Vladimir Putin ile Recep Tayyip Erdoğan’ın, iki ortak özelliğinden yola çıkarsanız, bu soruya çok kolaycı bir yaklaşımla, “olabilir” diye yanıt verebilirsiniz. İkisi de ‘90’lı yılları derin kaos içinde yaşamış toplumlarını derleyip-toparlamış, bunu yaparken de “yönetebilir demokrasi” kelimelerini kullanmış önemli liderler...
Ama, buraya kadar...
Putin: Vesayetin adamı...
Yaşam öyküsünü uzun anlatmaya gerek yok, Putin, “Sovyet vesayeti”nin kararlı bir portresi olarak yer aldı dünya siyaset arenasında.... Sovyetler Birliği’nin dağılmasını ve Gorbaçov-Yeltsin çizgisinde oluşturulan yapılanmayı, “dönemin şartlarında Rus halkının kabule zorlandığı bir trajedi” olarak niteledi, bu cümleyi son olarak, Kırım’ın ilhakında tekrarladı. Putin, Çarlık Rusyası’ndan Sovyetler Birliği’ne miras kalan “hegemonyacı genetiğin” takipçisi olarak ortaya çıktı, bunu da dünyaya Çeçenistan’ı yerle bir ederek gösterdi.
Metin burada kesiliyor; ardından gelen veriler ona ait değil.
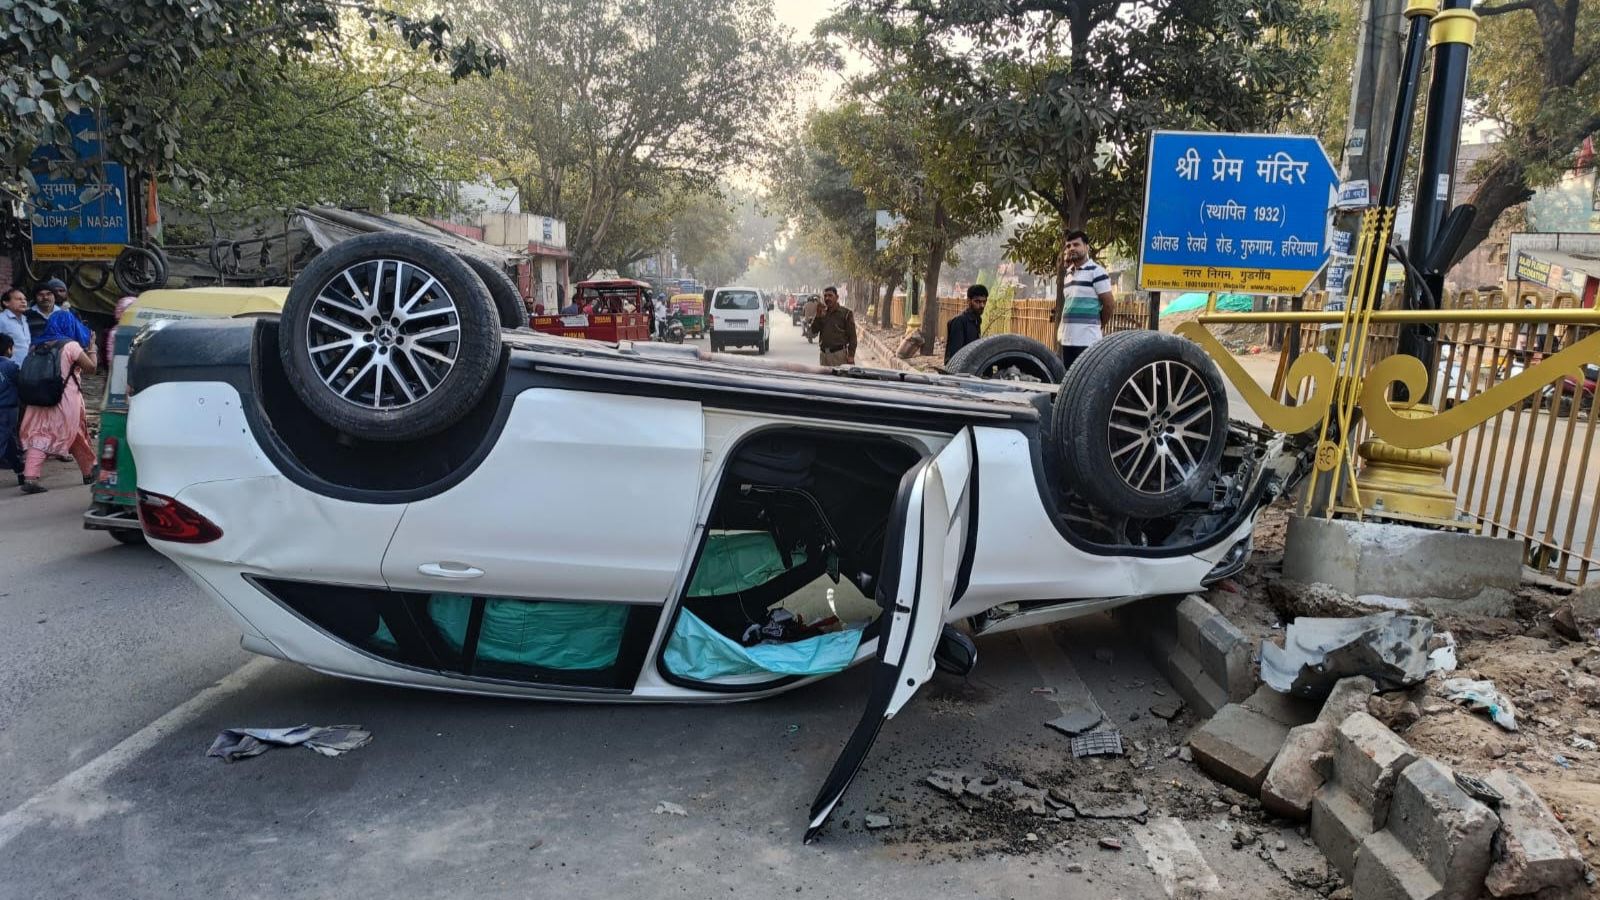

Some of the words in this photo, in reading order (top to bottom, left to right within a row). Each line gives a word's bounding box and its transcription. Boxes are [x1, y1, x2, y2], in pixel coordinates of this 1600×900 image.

[1175, 147, 1201, 181] श्री
[1212, 149, 1244, 182] प्रेम
[1256, 151, 1309, 184] मंदिर
[41, 183, 77, 201] सुभाष
[87, 216, 123, 228] NAGAR
[1200, 199, 1247, 225] (स्थापित
[1253, 204, 1286, 228] 1932)
[1151, 230, 1180, 251] ओलड
[1187, 231, 1208, 253] रेलवे
[1281, 235, 1319, 257] हरियाणा
[1183, 269, 1201, 278] नगर
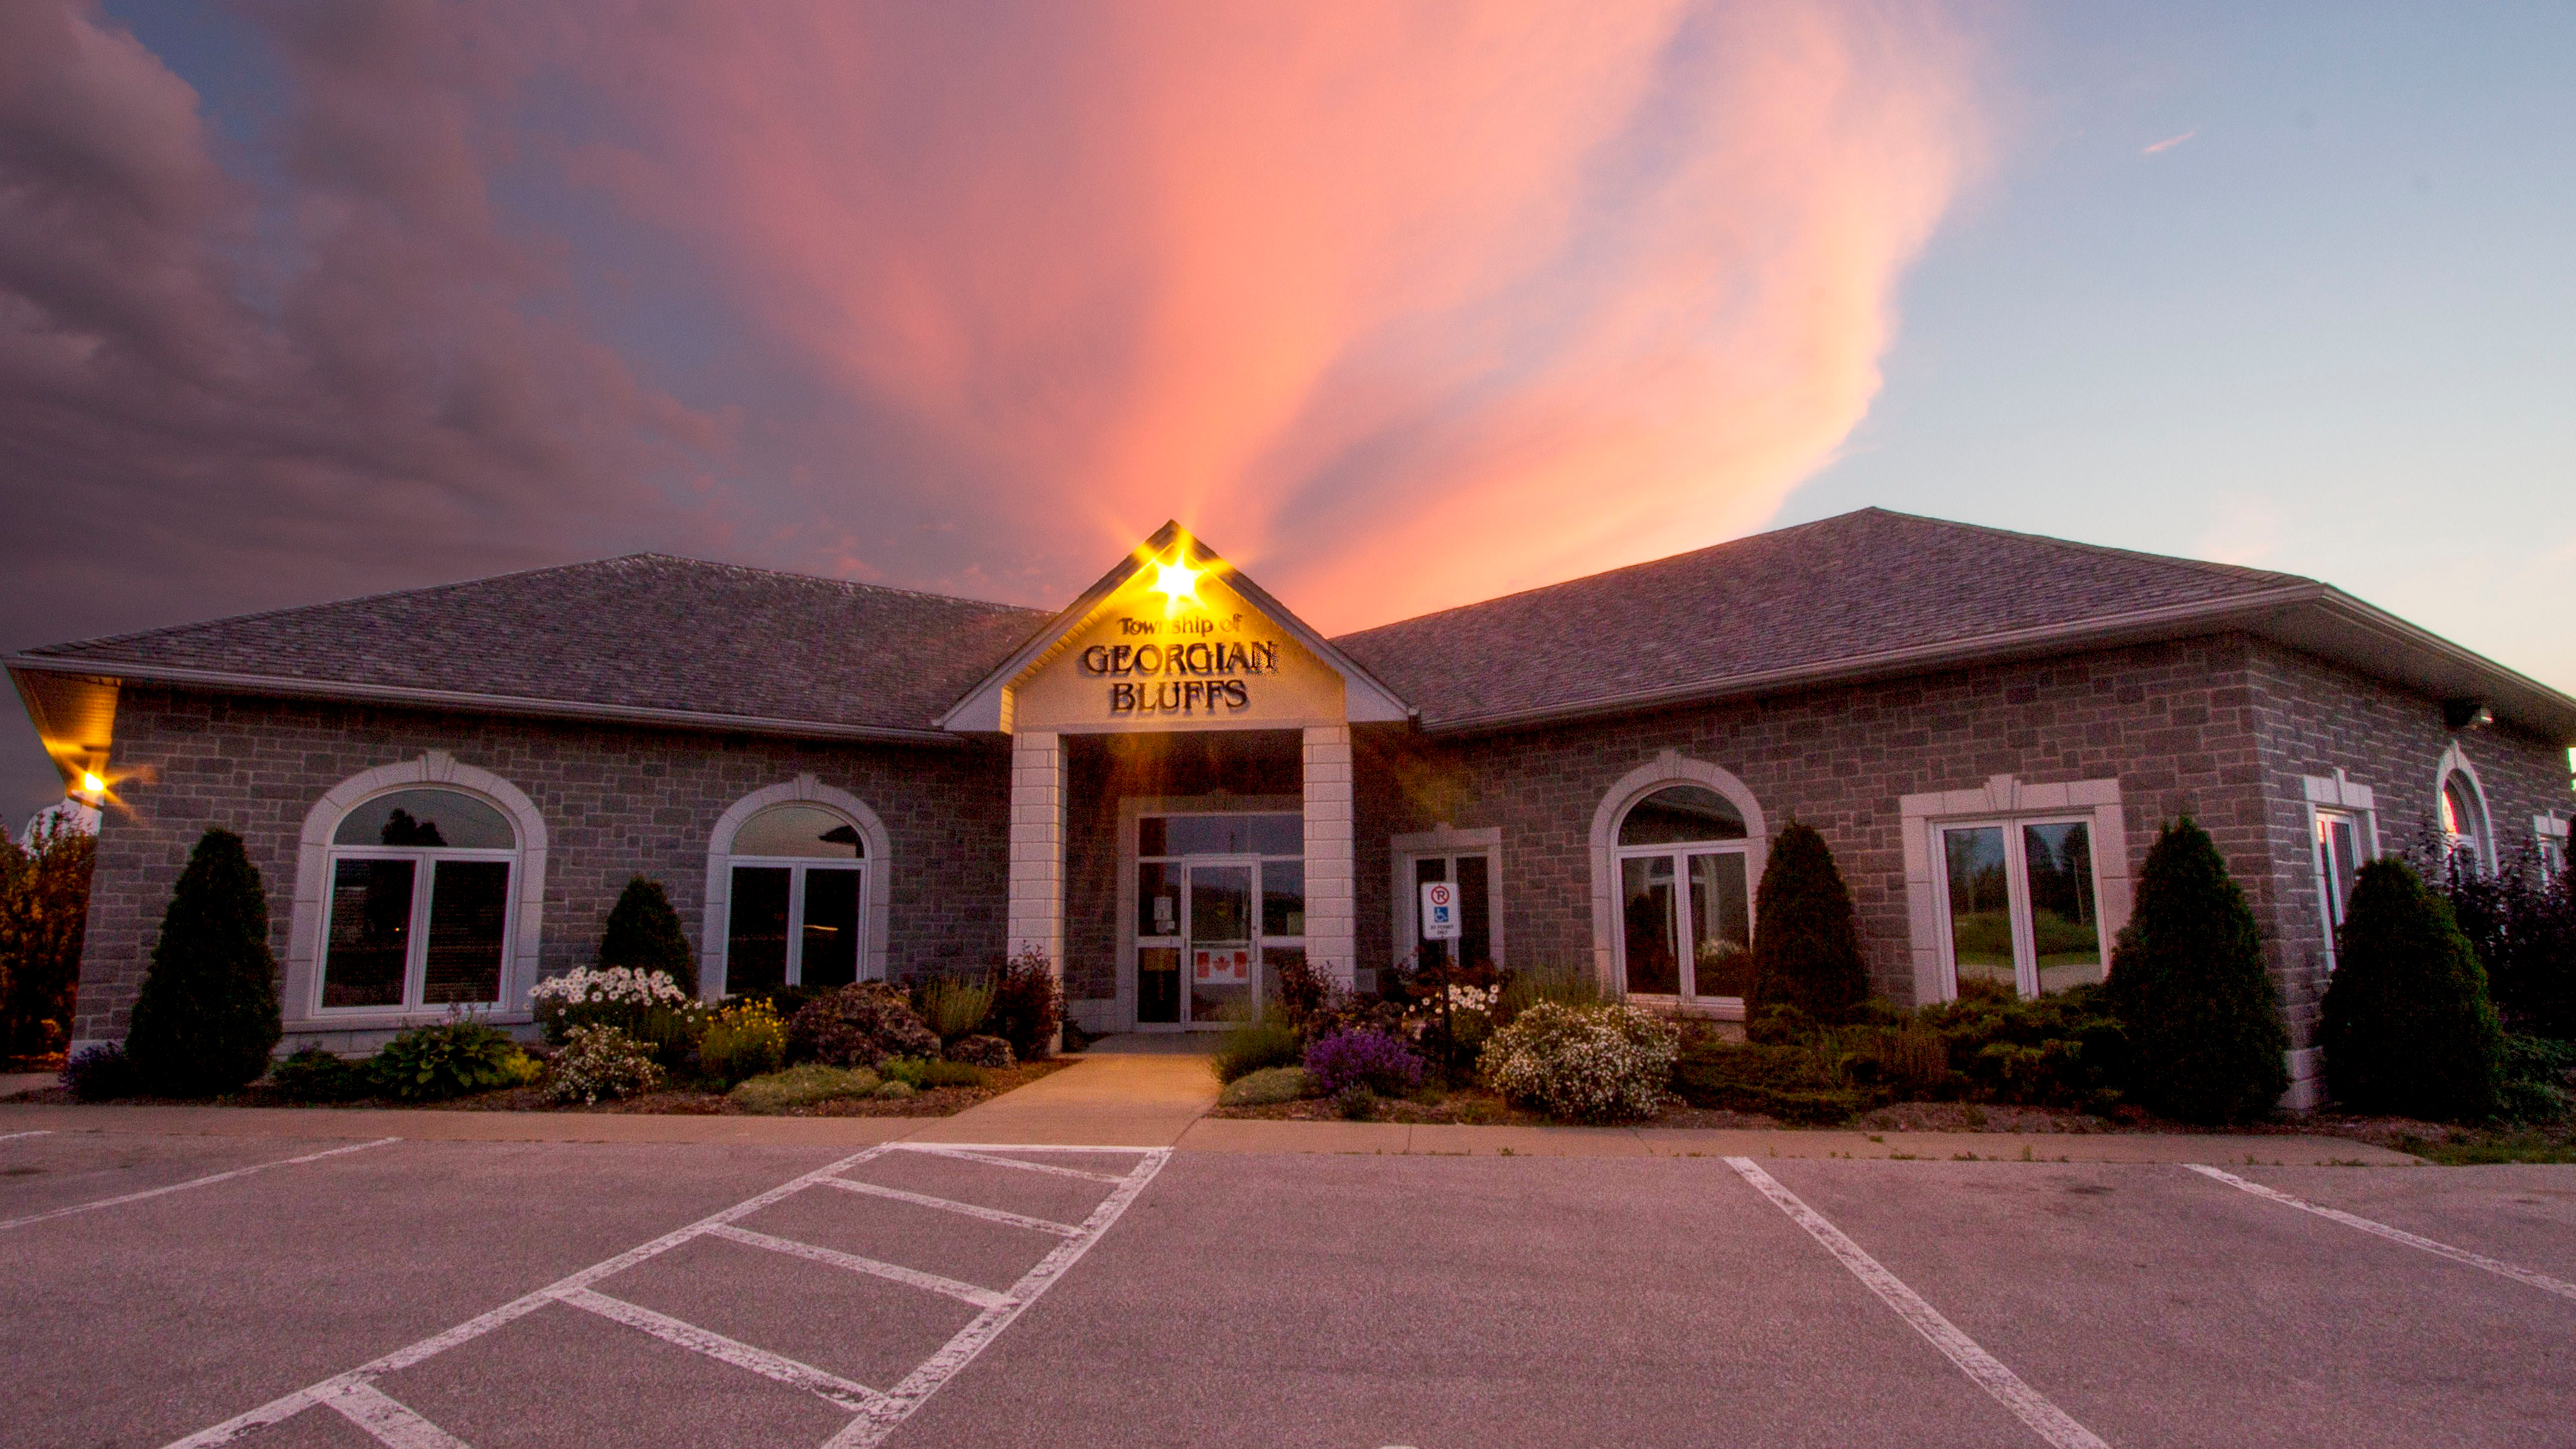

Bugün de dünyaya 19’ncu yüzyılın Çarlık Rusya’sının stratejisi ile bakıyor, 20’nci yüzyılın Sovyetler Birliği refleksleri ile davranıyor.
Erdoğan: Tepkinin adamı...
Erdoğan, Gazi Mustafa Kemal’in ölümüyle yapılandırılan, Soğuk Savaş yıllarında Pentagon’un desteğiyle güçlenen “cumhuriyet vesayeti”nin dışından gelen bir karakter. Günümüzde “Beyaz Türk ideolojisi” olarak kendini gösteren seçkinci/oligarşik yapılanmaya tepkiyi arkasına alarak siyaset yürüyüşünü gerçekleştirdi. “Yıkılmış bir vesayeti yeniden kurmayı” hedefleyen zeminde değil, “bir vesayeti yıkarak devletin yeniden yapılanmasının yolunu açmaya çalışan” portre sergiledi. Putin, Çeçenistan’ı ezdi geçti, Erdoğan, 90’lı yılların “derin devletini” etkisiz hale getirip, Abdullah Öcalan ile müzakere masasının yolunu açtı.
Ekonomi “demokrasi” diyor...
Rusya, bir “petro-devlettir...” Yani, Suudi Arabistan’ın daha gelişmiş modeliyle karşı karşıyayız... Küresel ekonomide rekabet gücü olmayan sanayi alt yapısına, zayıf üretim sistemine sahip, bekasını petrol ve doğal gaz boru hatlarına bağlamış yapı sergilemektedir.
Putin’in, bütün “petro-devlet” kral, emir ve diktatörleri gibi başında bulunduğu devleti ayakta tutmak için “halkının vergisine ihtiyacı yoktur...” Bu durum, Rusya’yı, Putin’in çevresinde yapılanmış oligarşik sisteme yöneltti ve karşımıza “askeri gücünü” pervasız kullanan bir lider çıkardı...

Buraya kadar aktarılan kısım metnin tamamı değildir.